(Stored entries)
==========

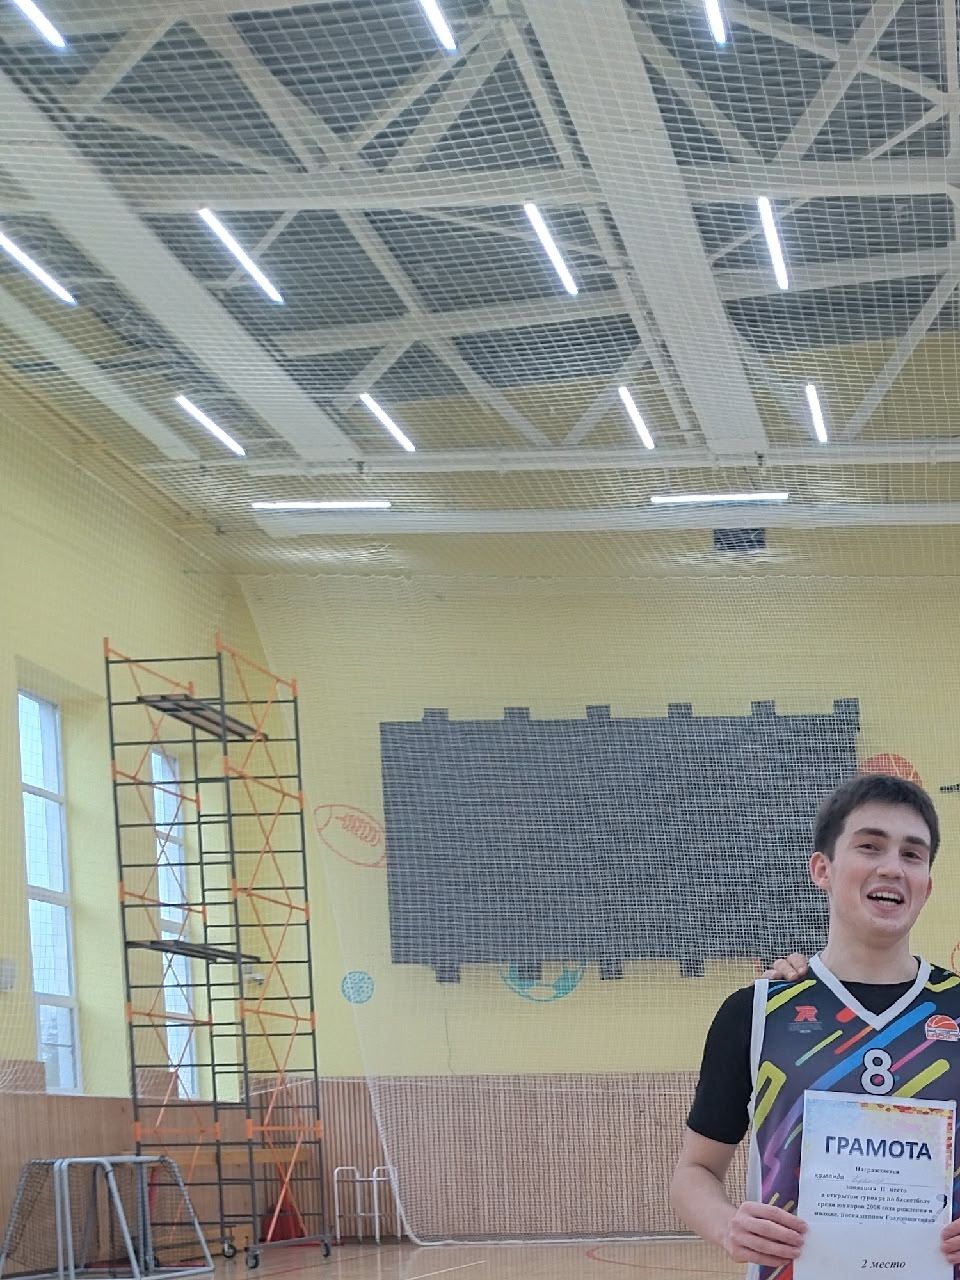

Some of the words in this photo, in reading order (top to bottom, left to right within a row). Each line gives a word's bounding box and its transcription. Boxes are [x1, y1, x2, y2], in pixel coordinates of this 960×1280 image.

[860, 1047, 896, 1095] 8
[825, 1135, 932, 1160] ГРАМОТА
[860, 1258, 868, 1268] 2
[869, 1261, 906, 1269] место

==========

**WHAT NEEDS TO BE DONE**.
Please retype the whole of the data precisely, omitting pictures.

**RESPONSE BOX**.
Some of the words in this photo, in reading order (top to bottom, left to right within a row). Each line gives a word's bounding box and its transcription. Boxes are [x1, y1, x2, y2], in pixel coordinates of this 960×1280 image.

[860, 1047, 896, 1095] 8
[825, 1135, 932, 1160] ГРАМОТА
[860, 1258, 868, 1268] 2
[869, 1261, 906, 1269] место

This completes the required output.